George eases up on the pressure when the meat starts to back up. Damn right it was without his knowledge. Would that count for anything, if he started talking right then and there? If he came clean with the detective? If he drove him to his home, released the latch behind the kitchen tiles, pulled out the hidden safe, separated the zippers on the duffel bags and opened the flaps to banded stacks of currency, the scent of ink and paper rising to meet them?
“They knew there was a dragnet in place searching for them and couldn’t risk losing four million by accidentally handing the girl over to an undercover guy in a parking lot. They insured that bankroll with total premeditated control. Nothing was left to chance—not their freedom, not the welfare of the child. Her wellbeing was put into a familiar, upstanding citizen’s hands to ensure no assault or murder charges. Your hands.”
George spoons the two full plates of ground beef into a display tray, pressing the edges with the spoon back. “Got it. They researched me and trusted I’d take care of her.”
“In which case, you would have been tailed that entire day. They couldn’t lose you before finishing the crime as planned. And that explains why they held the kid so long. That unaccounted-for block of time’s been a thorn in my side. But they were waiting for you to get back from the casino.”
George still wavers between the two places at once. He takes the grinder apart and washes each piece with soap and hot water before setting them out to air dry. The knife and plate stay together because they wear to fit each other during grinder use and can’t be interchanged with others. This, too, he knows without thinking. His movements are rote, including the visual inspection ensuring no food is drying on the surfaces, so rote his mind is still in Detective Hayes’ office.
&
nbsp; “So I’m looking for your itinerary,” Hayes said. “Start to finish. I know you came from the casino, but I need exact times, names of who accompanied you, any stops along the way for coffee, food, the tables you played, who you talked to, ETAs, ETDs.”
George sets a thinner plate and knife on the grinder and tightens the adjustment ring. He needs to prepare breadcrumbs for the cranberry herb stuffing. It didn’t take him long to relinquish Nate’s, Steve’s and Craig’s names. Normal. That’s what he told the detective. It was a normal day, four friends spending it at the casino.
He picks up a knife, hacks a chunk of bread off a day-old loaf and feeds it slowly into the chopper. Too much at once will jam the gears. He knows that, too, without thinking.

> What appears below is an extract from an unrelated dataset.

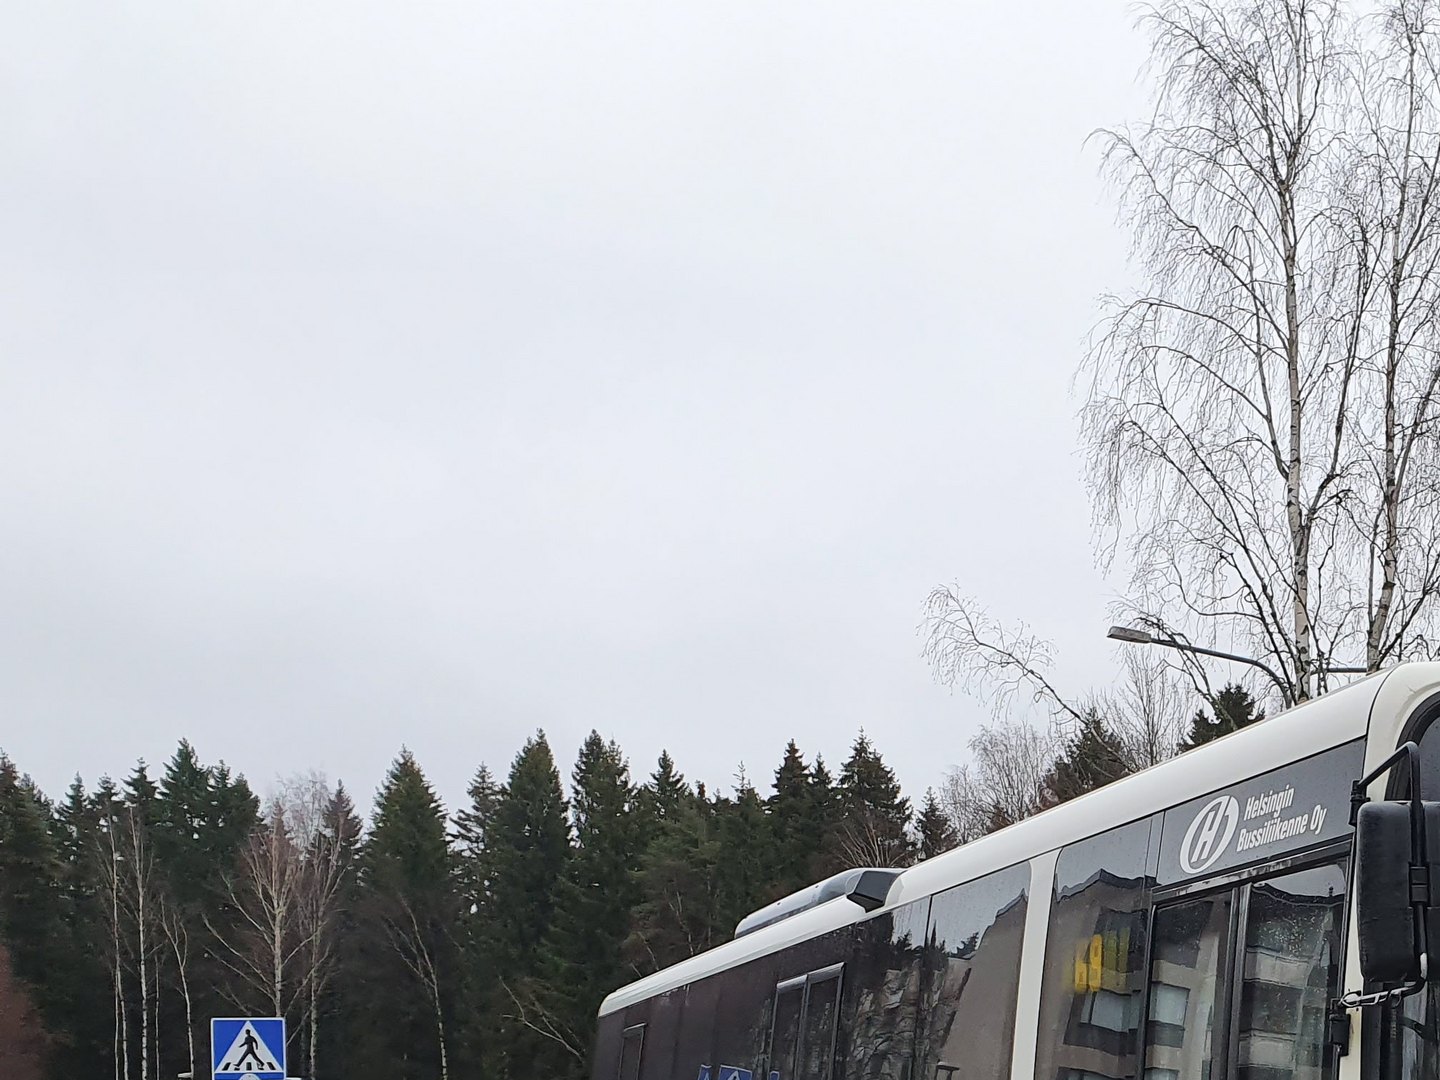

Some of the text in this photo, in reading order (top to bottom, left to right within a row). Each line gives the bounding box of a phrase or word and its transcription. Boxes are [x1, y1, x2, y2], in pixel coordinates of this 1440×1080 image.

[1243, 784, 1295, 821] Helsingin
[1236, 804, 1327, 852] Bussiliikenne Oy

One more thing he knows: Distractions cause accidents while working the knives—he’s got the scars to prove it. So with worries about Amy coming at him from one direction, and the authorities from another, and his brother from a third, he knows to stay away from the combination of razor-sharp boning knives and slippery sinew and bones. Instead he sticks with the breaded stuffing, leaving the chicken thighs for Dean to debone.

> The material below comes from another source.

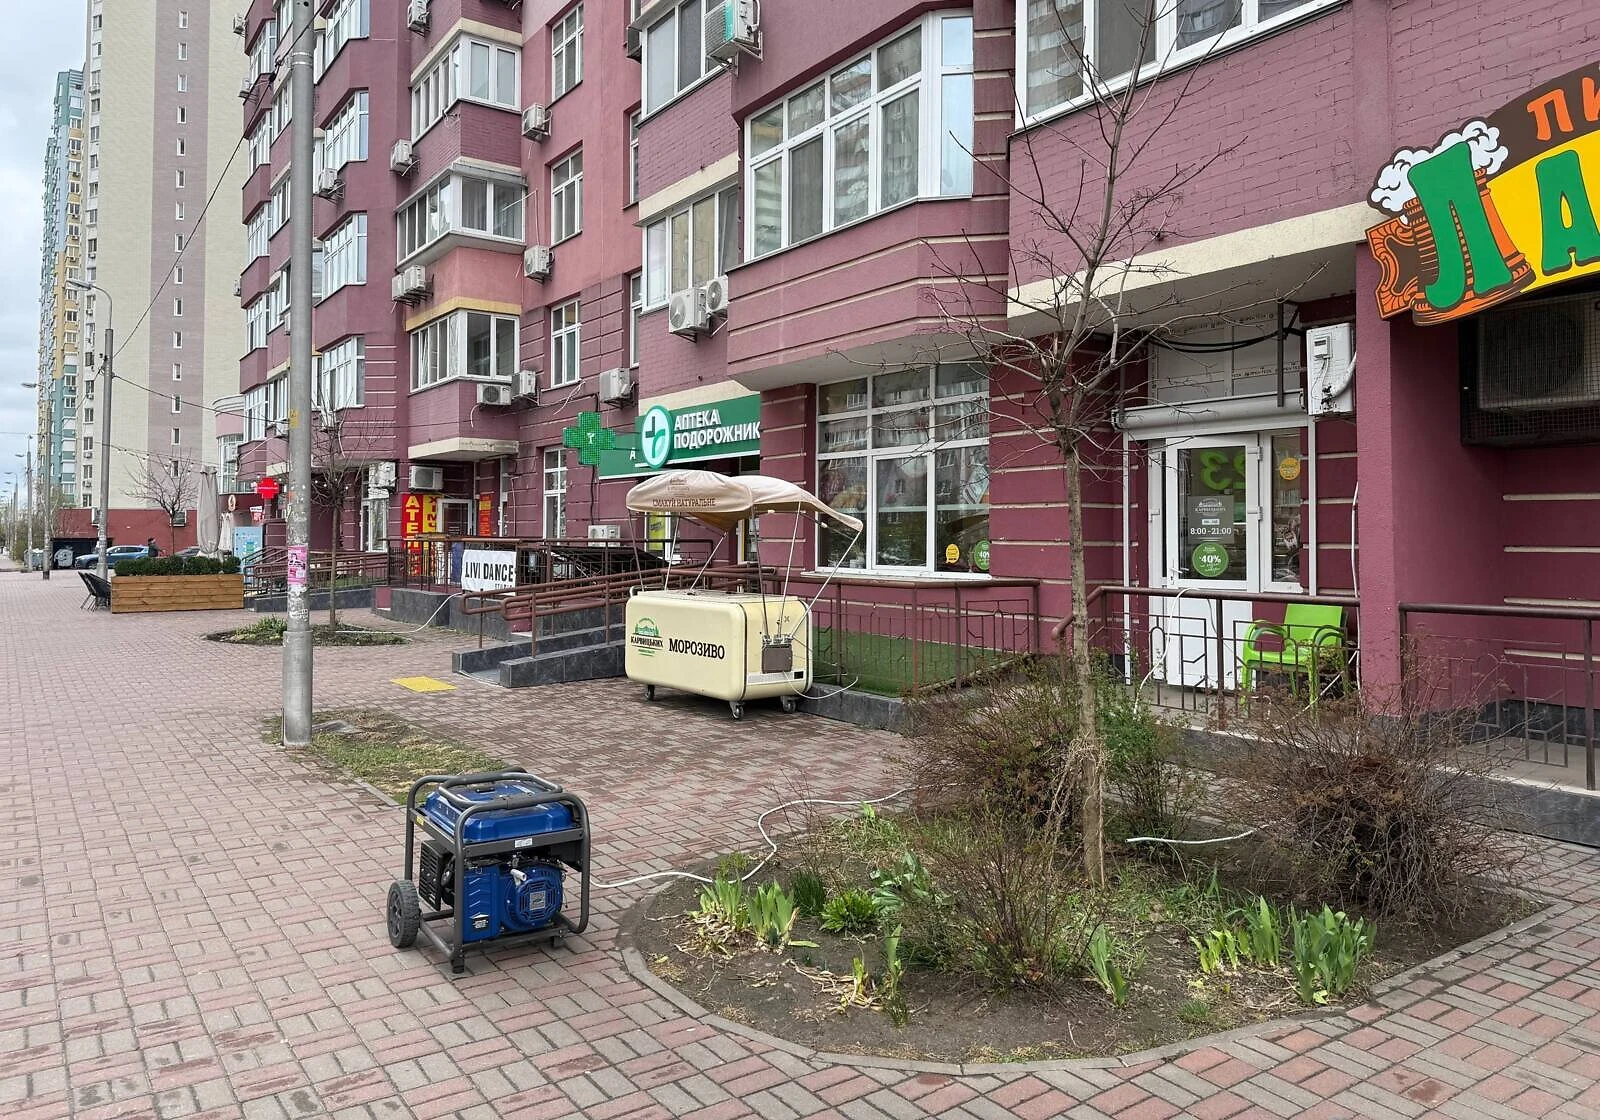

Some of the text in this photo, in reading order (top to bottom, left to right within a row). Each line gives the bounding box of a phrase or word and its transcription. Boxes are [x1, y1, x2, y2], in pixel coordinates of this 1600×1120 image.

[674, 409, 721, 430] АПТЕКА
[673, 421, 760, 450] ПОДОРОЖНИК
[483, 563, 514, 582] DANCE
[668, 638, 725, 660] МОРОЗИВО

All while picturing Detective Hayes picking up the phone, calling the casino and requesting the surveillance video, completely unaware that he is hot on the right trail.
* * *
“Will this be on your credit card?”
“No. Cash today.” Amy sets a royal blue tankini and a pair of tropical flip-flops on the counter.
“It’s going to be a nice weekend for the beach,” the sales associate, Susan, says.
“I know, we can’t wait to get there.” Grace sits in the stroller, stretching and pressing against the safety strap, restless after an hour of trying on swimsuits and cover-ups. And Amy’s glad. Any expression of emotion, including agitation, is welcome. Grace twists back and looks up at her as she pulls her wallet from her handbag.
“Don’t you love this style?” Susan folds the swimsuit into white tissue paper and slips it into a shopping bag, then counts back the change. “And remember to bring sunscreen, too!”